Working for Captain John Smith of Pocahontas fame, Captain Thomas Hunt made the decision to kidnap the 27 men, some of whom escaped slavery with the help of friars who freed them in the hopes of converting them.
Squanto, the only one to return, came home two years later and found his entire village had perished in a plague. Alexandra Pocknett, a Wampanoag tribal member who works seasonally at the Mashpee Wampanoag Museum in Mashpee, Massachusetts, said the plague, thought to be yellow fever, killed people within 48 hours. “There was no immunity to it,” she said.
A copy of "Squanto's Journey" by Joseph Bruchac accompanies the exhibit in Provincetown.
The Wampanoags, who lived away from the Massachusetts coastline, fared better. “Cape Cod, Martha’s Vineyard, and Nantucket Wampanoags—the people on the islands—stayed more intact because it swept down the coast from Maine.” The disease killed people so quickly there wasn’t even time to warn the others, Pocknett said.
By the time the Pilgrims disembarked from the Mayflower, the Patuxet people were gone. “How many people know that when the Pilgrims arrived in Patuxet to build their homes, they literally had to sweep away the bones of the dead?” asked Paula.
Throughout Squanto’s enslavement, he learned to speak English and greeted the Mayflower’s Pilgrims with a hearty “Welcome,” when he met them in 1621. Squanto became an important emissary between the tribes and a translator for the Massachusetts Bay Colony.
Pocknett believes the exhibit will surprise Americans who didn’t know there was contact between Natives and Europeans before the Mayflower landed.
“We are telling the story in our own voice, and it really comes full circle,” Paula said. “Through the exhibit, they cannot ignore it anymore. It’s a huge piece of history that is integral to the arrival of the Mayflower.

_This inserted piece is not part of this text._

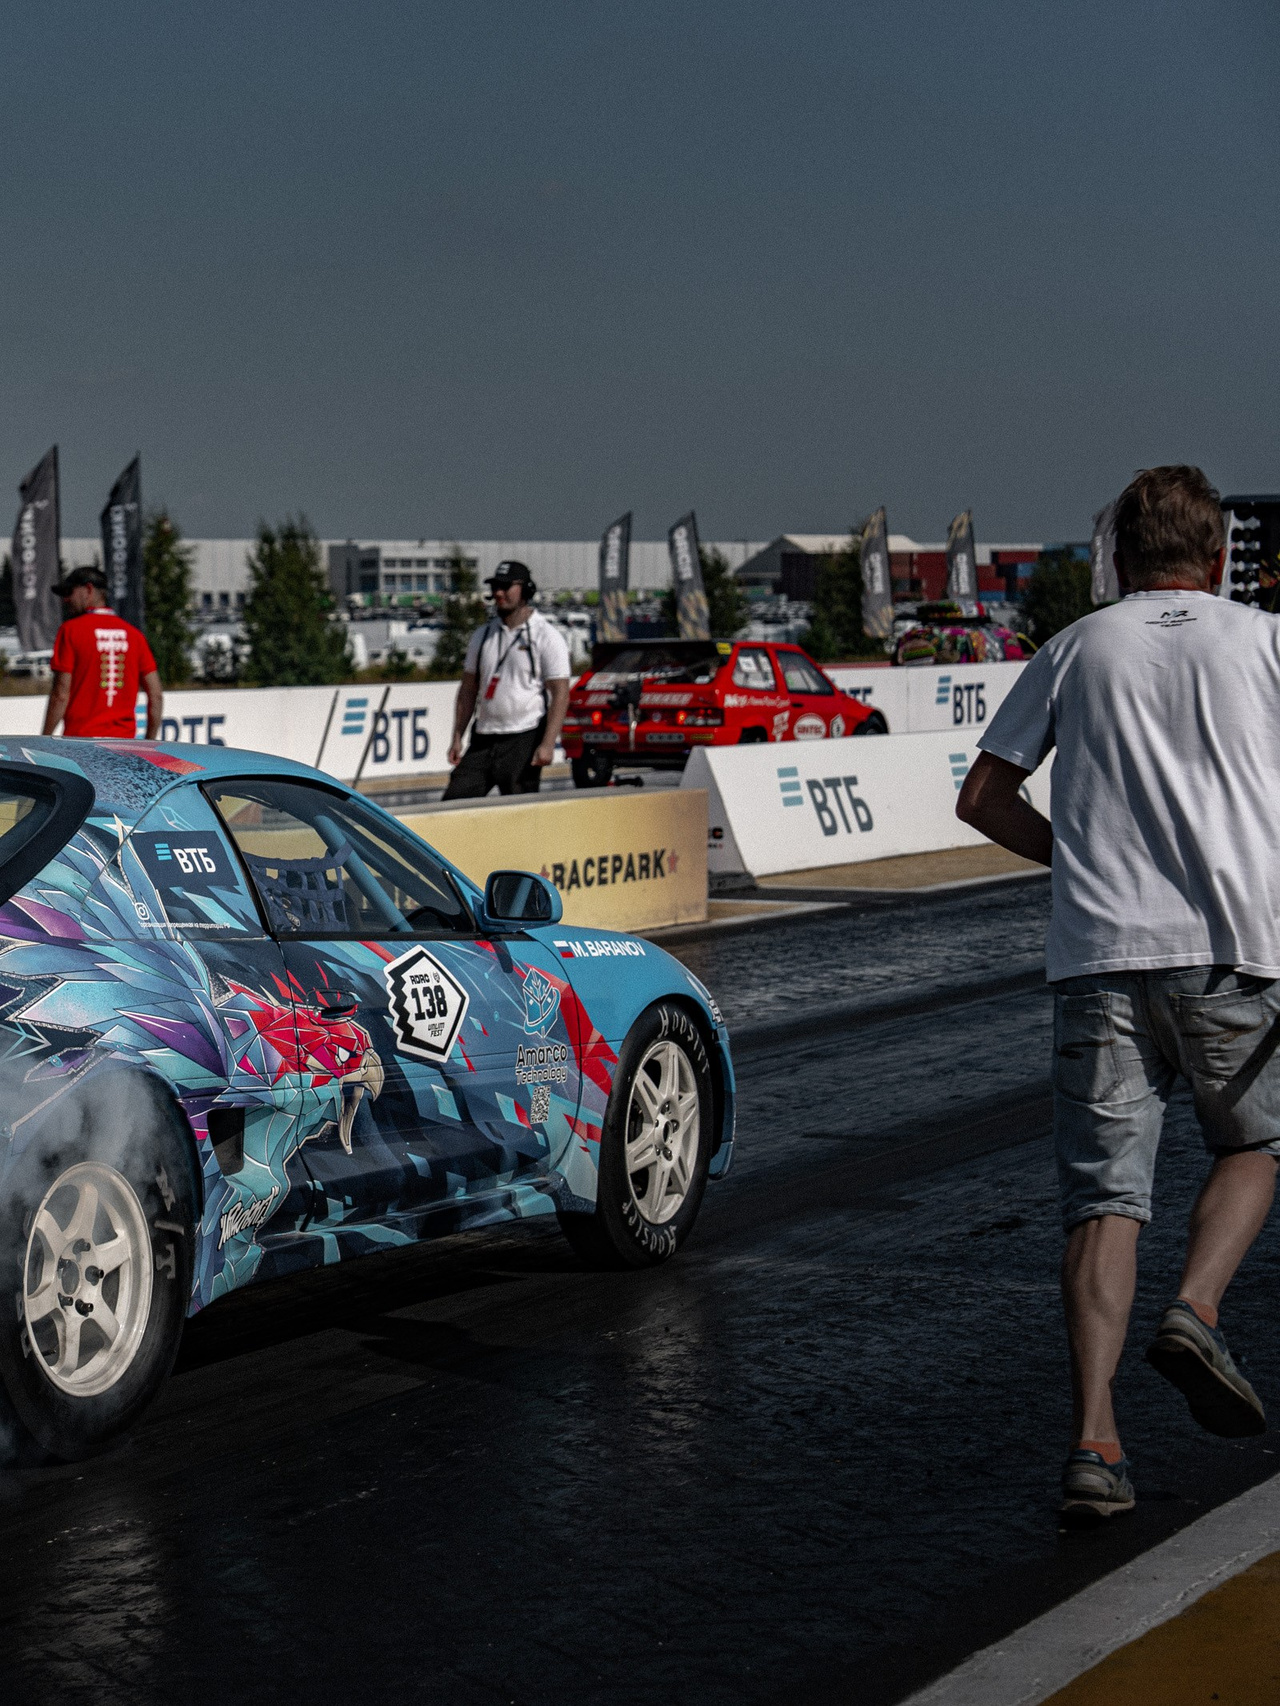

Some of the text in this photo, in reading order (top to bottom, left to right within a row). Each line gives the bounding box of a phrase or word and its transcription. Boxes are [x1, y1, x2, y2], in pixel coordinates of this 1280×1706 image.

If there was ever an opportunity for the Plymouth 400 Committee to show they were sincere about giving us a voice, this was it. And they did.”
Wampanoag tribal members Shery Pocknett and Paula Peters, organizer of the exhibit, celebrate the opening of the “Captured 1614” exhibit.
The multimedia exhibit is filled with photographs and short videos of the time period’s perspectives. Pocknett appears in a scene in which she is pregnant and her husband has been kidnapped. “I thought about my children, and what it would be like growing up without their dad… I thought about 27 of our men to represent the 27 men that were taken and the different characteristics that make them unique, that make them Wampanoag, and make them the amazing men that they are.”
Ramona said, “Our exhibit is to try to get people to humanize us, and to realize what a horrific experience people had, both those who were left behind and those who were kidnapped. We still have to fight that. There are a lot of insensitivities that we still have to deal with on a regular basis.”
The exhibit can currently be seen at the Pilgrim Monument and Provincetown Museum in Massachusetts, and will move to the 94th annual Mashpee Wampanoag Powwow at the Barnstable County Fairgrounds on Friday, July 3-5, 2015.